• _Data extract_:

********************

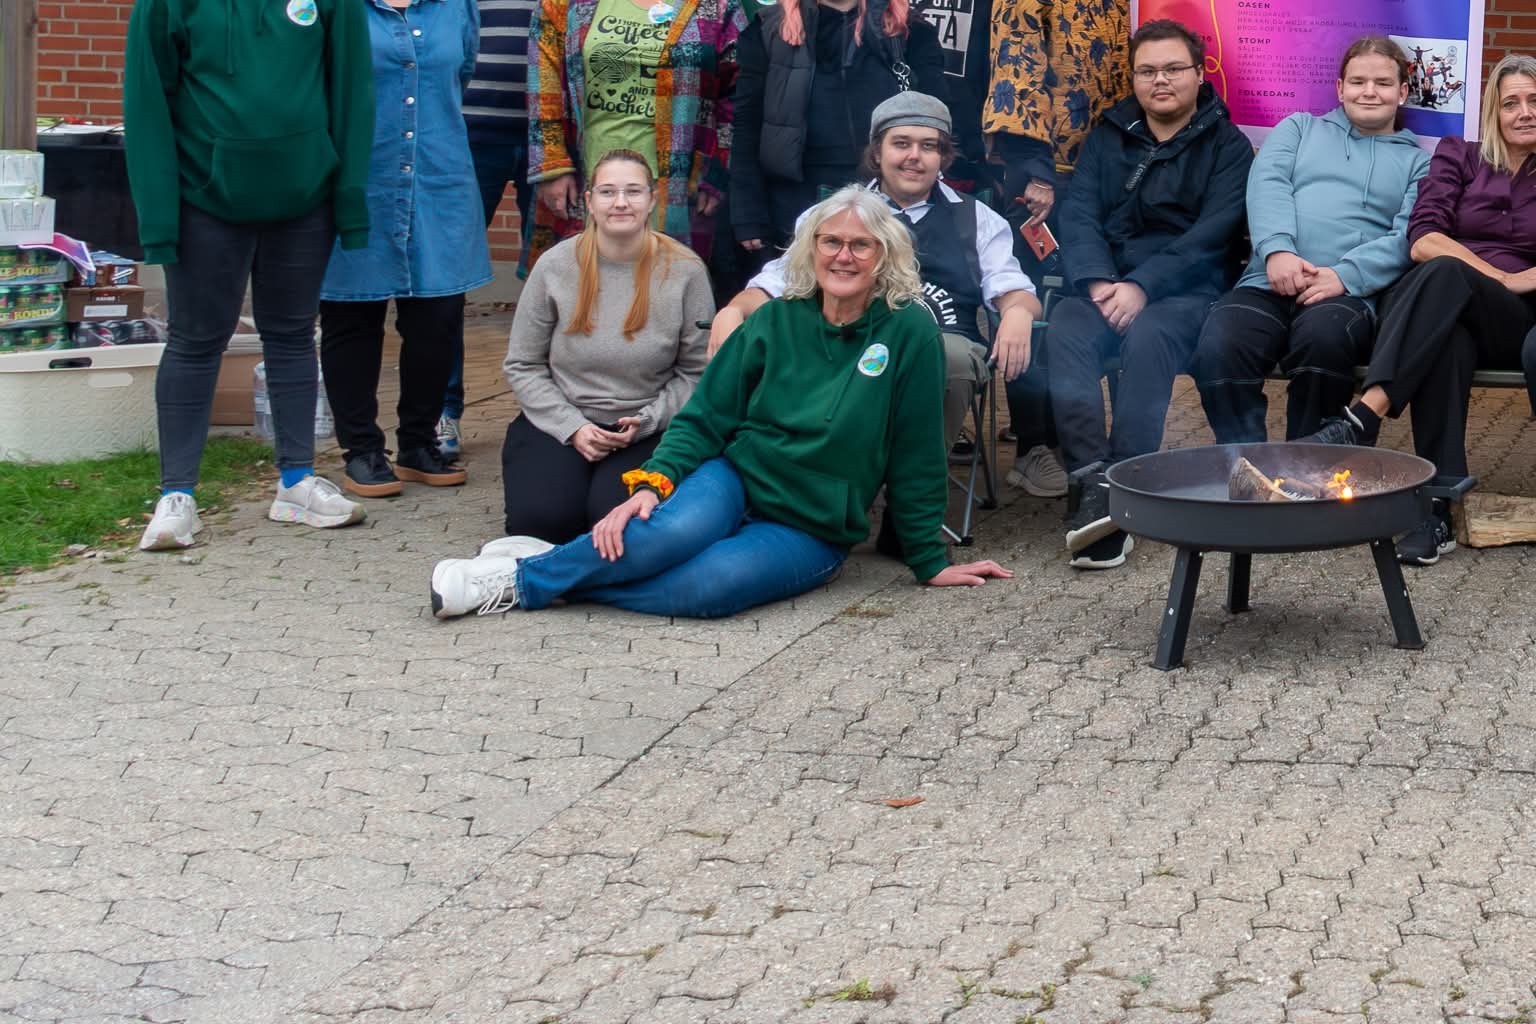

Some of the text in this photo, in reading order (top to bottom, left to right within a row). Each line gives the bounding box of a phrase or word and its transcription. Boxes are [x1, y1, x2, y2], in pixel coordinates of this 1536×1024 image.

[1238, 1, 1271, 9] OASEN
[1238, 37, 1271, 45] STOMP
[628, 86, 648, 95] AND
[1237, 89, 1296, 98] FOLKEDANS
[587, 90, 656, 118] Crochet
[920, 282, 957, 325] HELIN
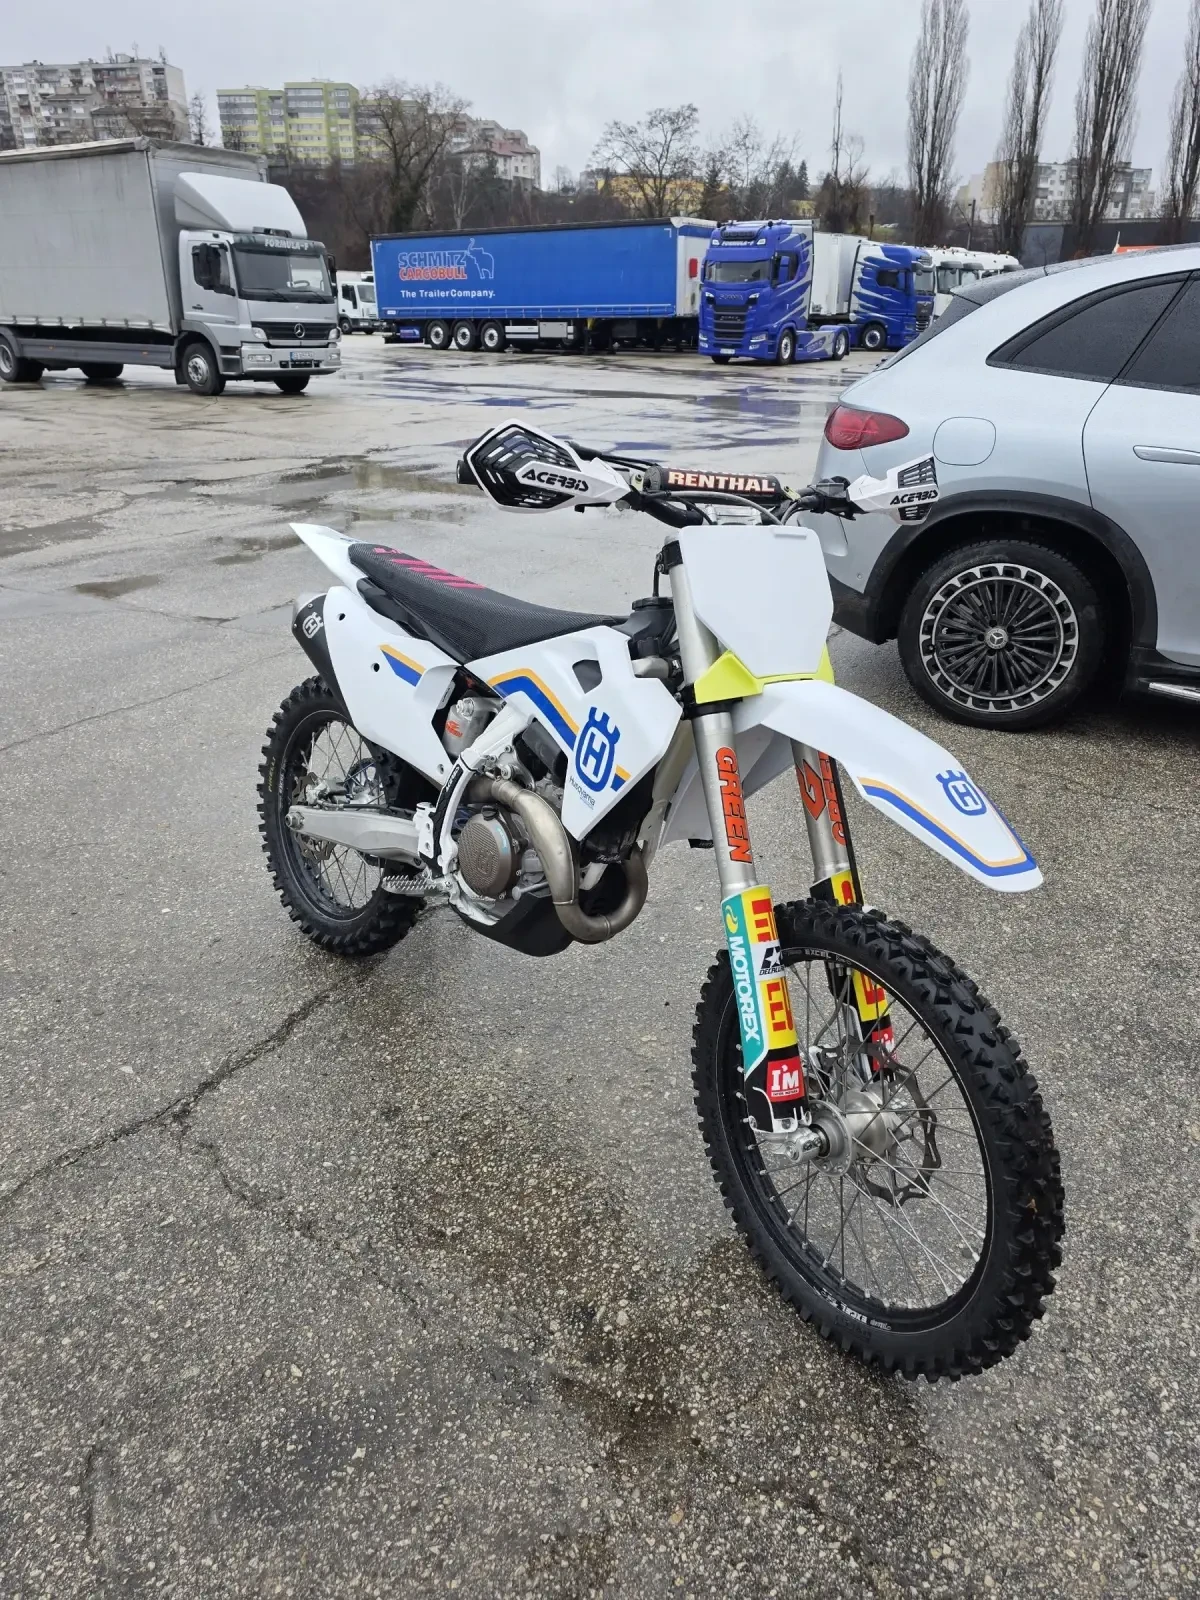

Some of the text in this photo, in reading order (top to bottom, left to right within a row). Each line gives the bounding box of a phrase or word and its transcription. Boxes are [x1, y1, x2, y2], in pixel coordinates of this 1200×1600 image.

[264, 238, 309, 250] FORMULA-F
[398, 250, 468, 268] SCHMITZ
[399, 266, 468, 281] CARGOBULL
[400, 289, 417, 299] The
[521, 468, 589, 492] ACERBIS
[667, 470, 776, 493] RENTHAL
[890, 489, 939, 505] ACERBIS
[715, 746, 753, 864] GREEN
[729, 935, 761, 1043] MOTOREX
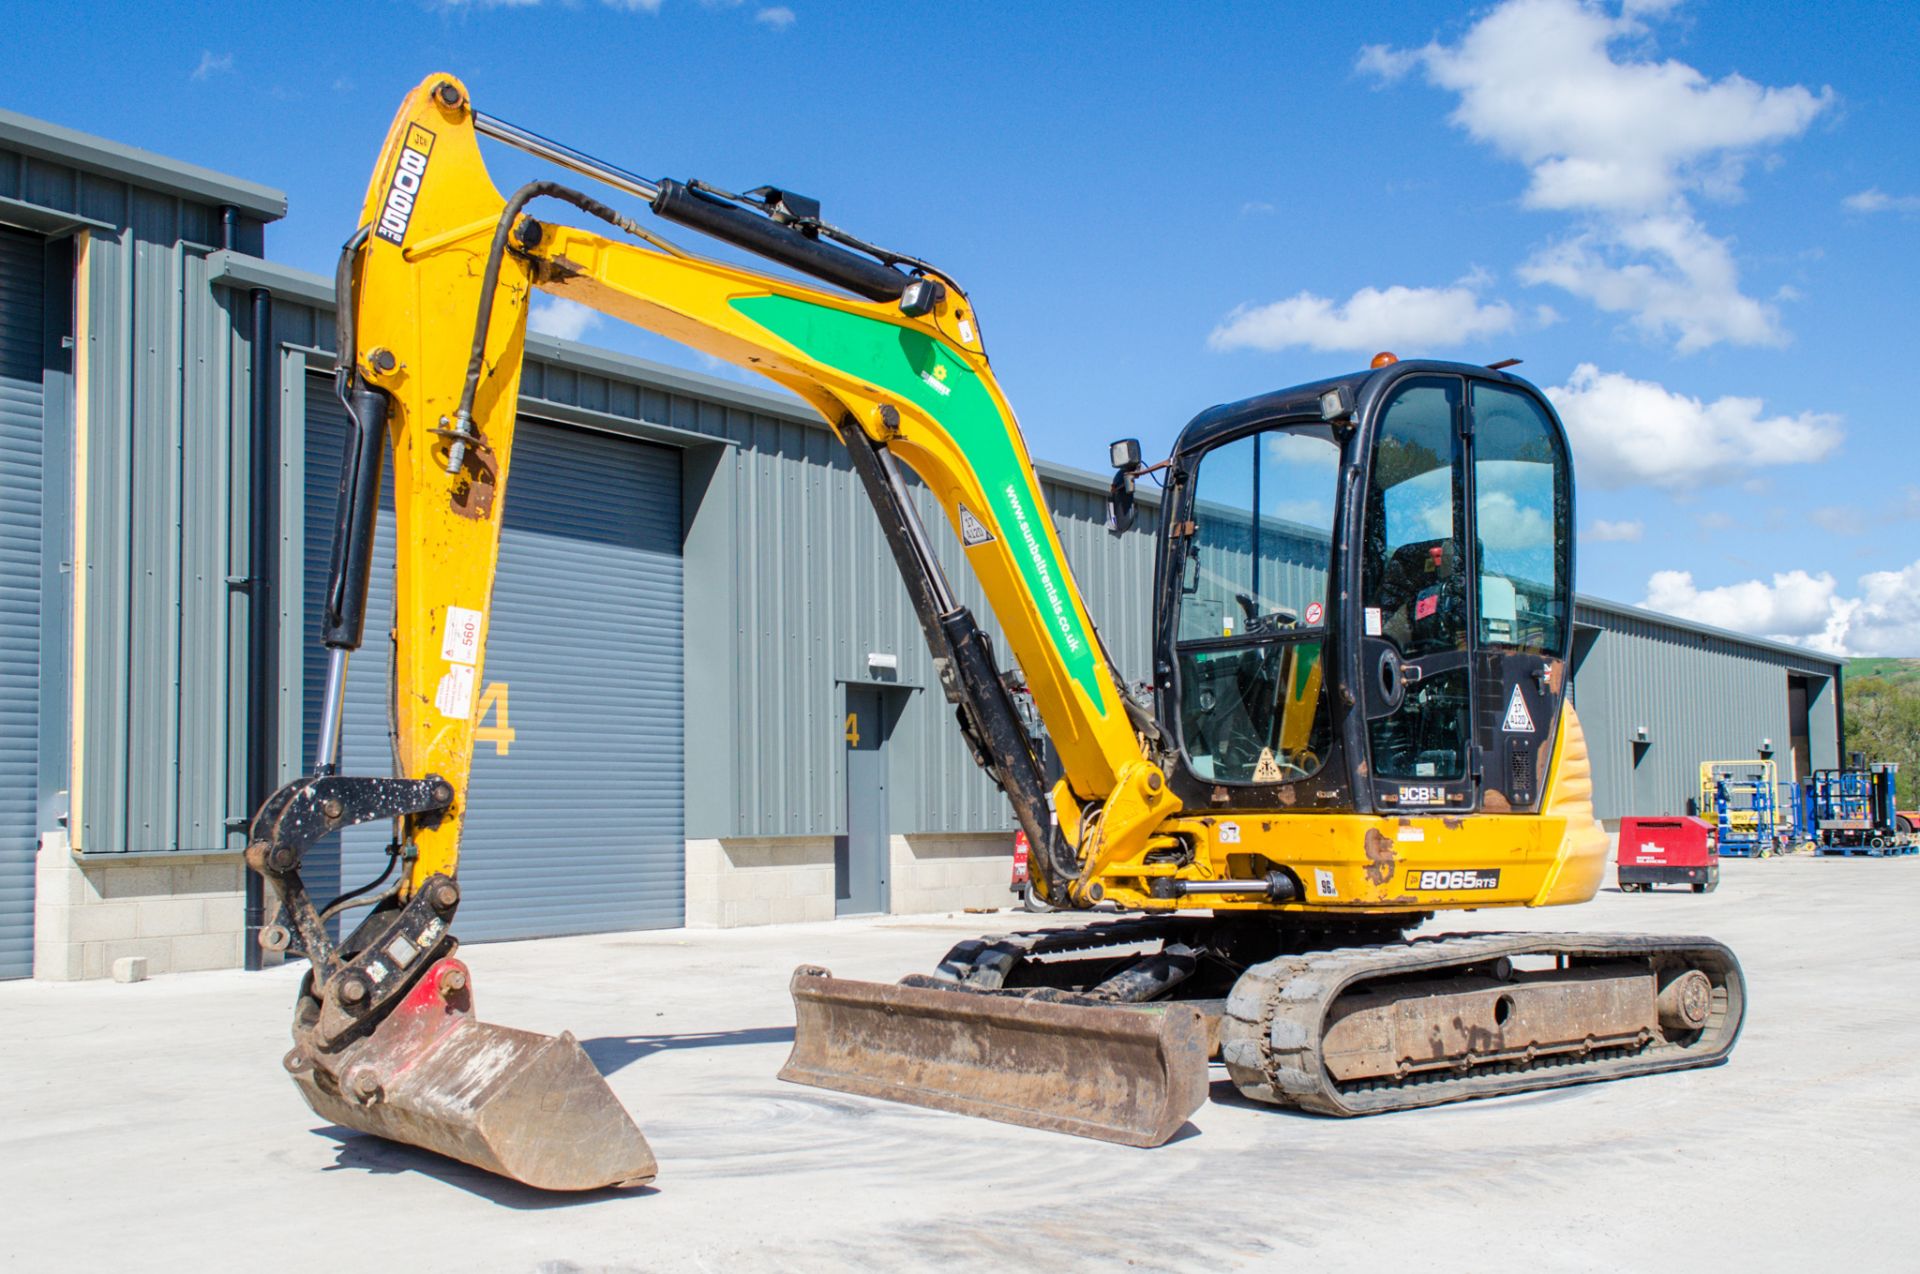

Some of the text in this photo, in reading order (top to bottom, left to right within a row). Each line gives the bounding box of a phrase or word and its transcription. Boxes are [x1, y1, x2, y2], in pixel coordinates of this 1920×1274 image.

[1005, 484, 1080, 653] www.sunbeltrentals.co.uk
[462, 622, 475, 647] 560
[475, 682, 515, 756] 4
[846, 712, 860, 748] 4
[1399, 786, 1430, 801] JCB

********************

• _About this exercise_: When copying the entries above, keep each word as it is and exclude any image.

• _Response to the exercise_:
Some of the text in this photo, in reading order (top to bottom, left to right within a row). Each line gives the bounding box of a phrase or word and its transcription. Boxes are [x1, y1, x2, y2], in pixel coordinates of this 1536×1024 image.

[1238, 1, 1271, 9] OASEN
[1238, 37, 1271, 45] STOMP
[628, 86, 648, 95] AND
[1237, 89, 1296, 98] FOLKEDANS
[587, 90, 656, 118] Crochet
[920, 282, 957, 325] HELIN

Some of the text in this photo, in reading order (top to bottom, left to right within a row). Each line gives the bounding box of a phrase or word and its transcription. Boxes are [x1, y1, x2, y2], in pixel coordinates of this 1200×1600 image.

[264, 238, 309, 250] FORMULA-F
[398, 250, 468, 268] SCHMITZ
[399, 266, 468, 281] CARGOBULL
[400, 289, 417, 299] The
[521, 468, 589, 492] ACERBIS
[667, 470, 776, 493] RENTHAL
[890, 489, 939, 505] ACERBIS
[715, 746, 753, 864] GREEN
[729, 935, 761, 1043] MOTOREX

Some of the text in this photo, in reading order (top to bottom, left to right within a row). Each line gives the bounding box of a phrase or word and its transcription. Boxes are [x1, y1, x2, y2], in pixel coordinates of this 1920×1274 image.

[1005, 484, 1080, 653] www.sunbeltrentals.co.uk
[462, 622, 475, 647] 560
[475, 682, 515, 756] 4
[846, 712, 860, 748] 4
[1399, 786, 1430, 801] JCB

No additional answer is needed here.